- _Task item_
Whatever pictures appear, omit them, and repeat the data below exactly.

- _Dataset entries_
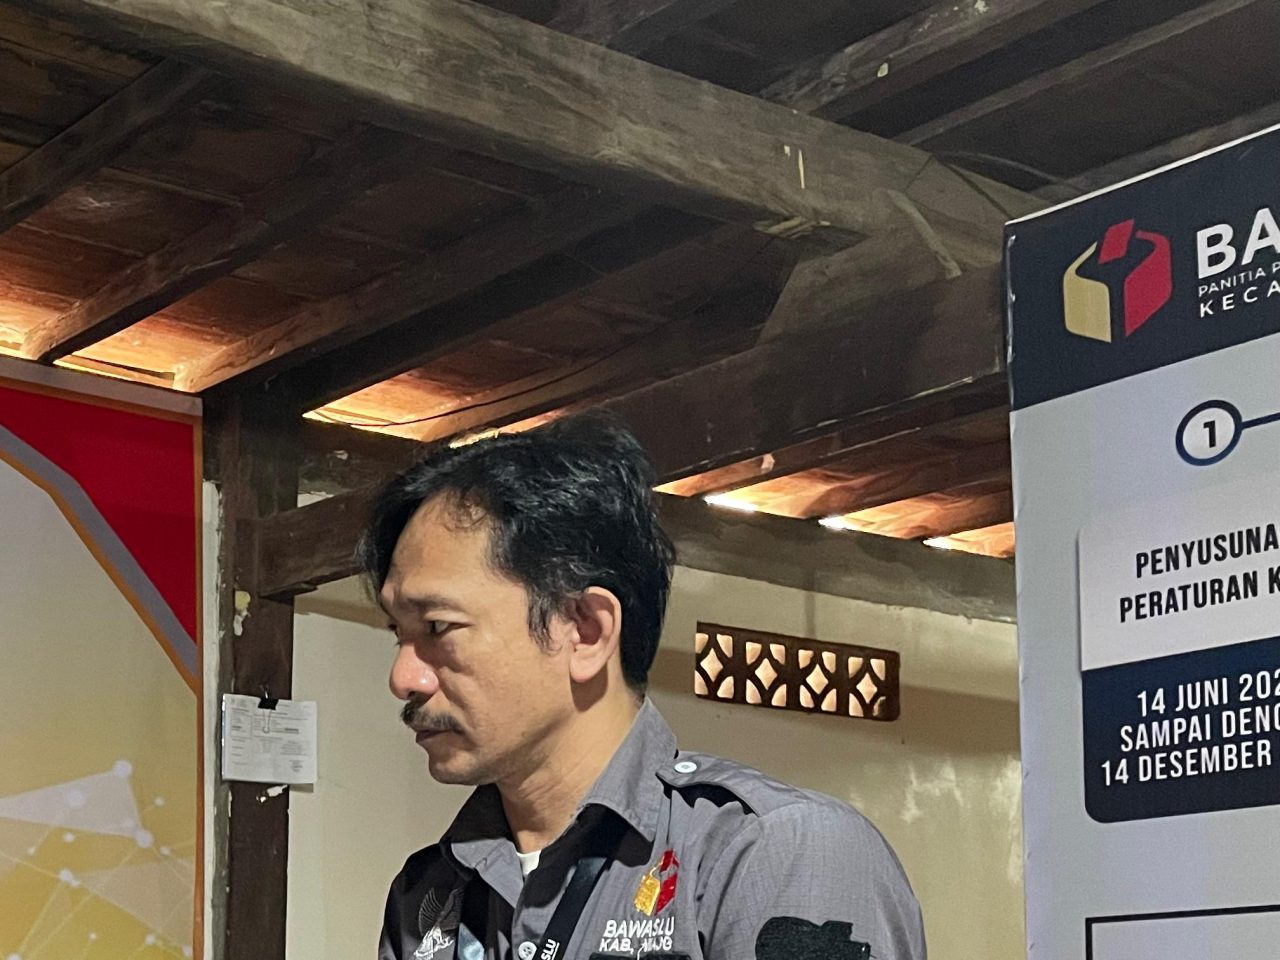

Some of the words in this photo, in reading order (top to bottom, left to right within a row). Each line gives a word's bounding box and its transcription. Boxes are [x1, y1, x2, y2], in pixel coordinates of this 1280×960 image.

[1196, 207, 1280, 280] BA
[1198, 267, 1267, 298] PANITIA
[1203, 421, 1217, 449] 1
[1136, 523, 1280, 579] PENYUSUNA
[1119, 570, 1258, 624] PERATURAN
[1136, 687, 1166, 718] 14
[1175, 677, 1228, 713] JUNI
[1120, 713, 1211, 753] SAMPAI
[1102, 756, 1129, 786] 14
[1138, 739, 1272, 784] DESEMBER
[603, 916, 675, 938] BAWASLU
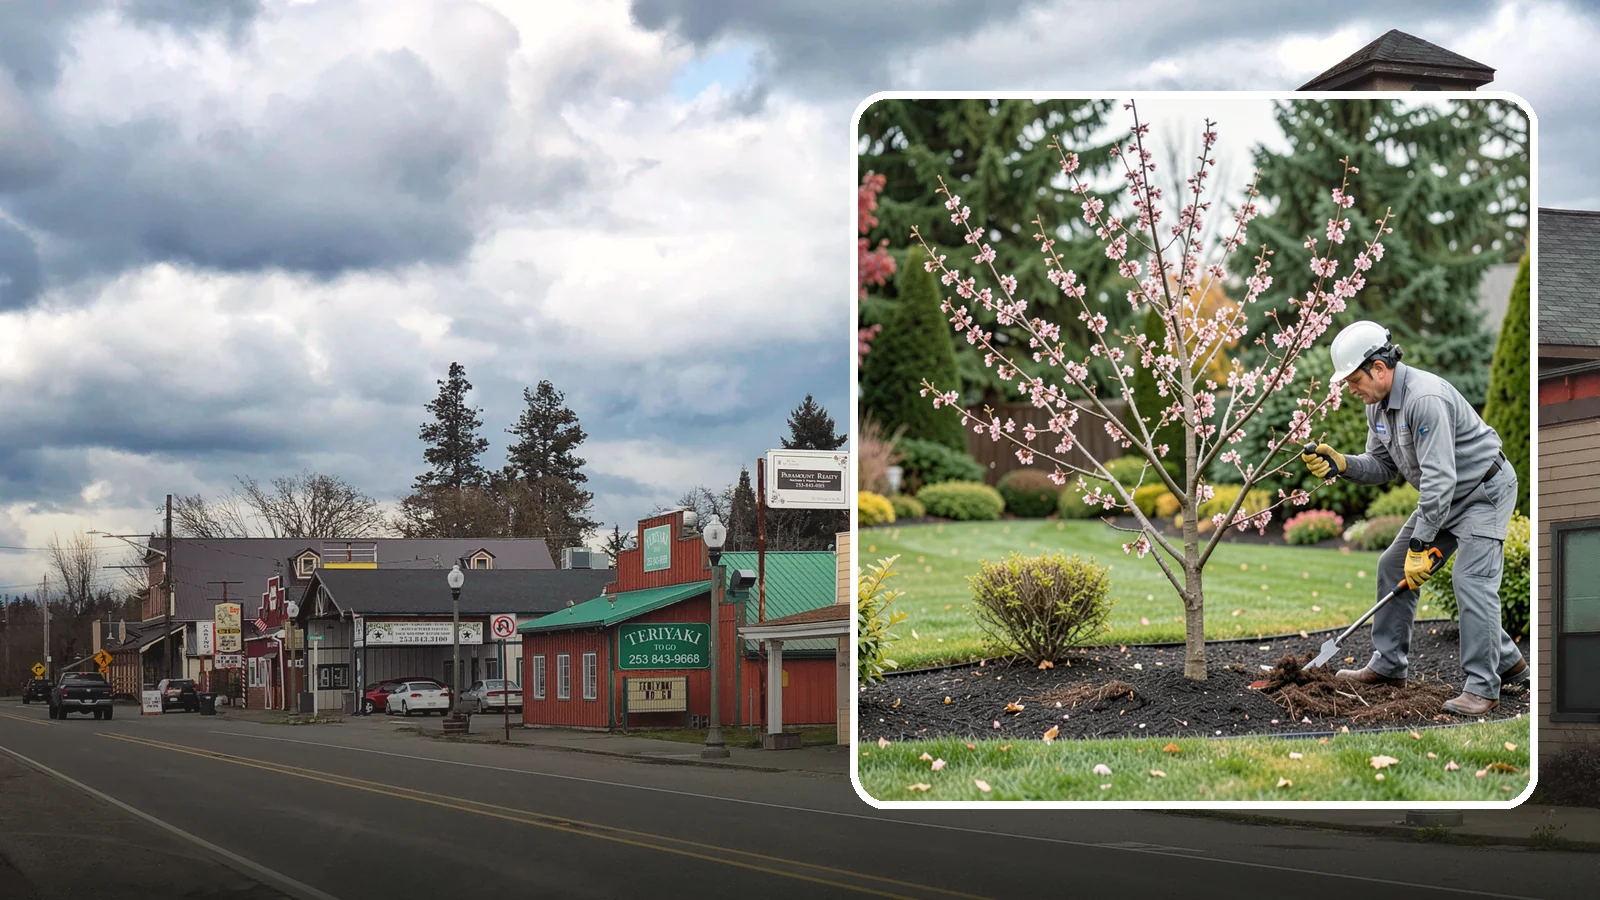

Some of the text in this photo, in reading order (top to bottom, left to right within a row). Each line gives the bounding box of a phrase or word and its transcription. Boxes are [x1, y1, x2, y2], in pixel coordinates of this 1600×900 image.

[781, 471, 814, 479] PARAMOUNT
[625, 628, 702, 646] TERIYAKI
[629, 654, 700, 664] 253 843-9668

- _Output_
Some of the words in this photo, in reading order (top to bottom, left to right within a row). Each line gives a word's bounding box and its transcription. Boxes are [x1, y1, x2, y2], in pixel coordinates of this 1280×960 image.

[1196, 207, 1280, 280] BA
[1198, 267, 1267, 298] PANITIA
[1203, 421, 1217, 449] 1
[1136, 523, 1280, 579] PENYUSUNA
[1119, 570, 1258, 624] PERATURAN
[1136, 687, 1166, 718] 14
[1175, 677, 1228, 713] JUNI
[1120, 713, 1211, 753] SAMPAI
[1102, 756, 1129, 786] 14
[1138, 739, 1272, 784] DESEMBER
[603, 916, 675, 938] BAWASLU

Some of the text in this photo, in reading order (top to bottom, left to right within a row). Each line gives the bounding box of a phrase or word and its transcription. Boxes are [x1, y1, x2, y2], in pixel coordinates of this 1600×900 image.

[781, 471, 814, 479] PARAMOUNT
[625, 628, 702, 646] TERIYAKI
[629, 654, 700, 664] 253 843-9668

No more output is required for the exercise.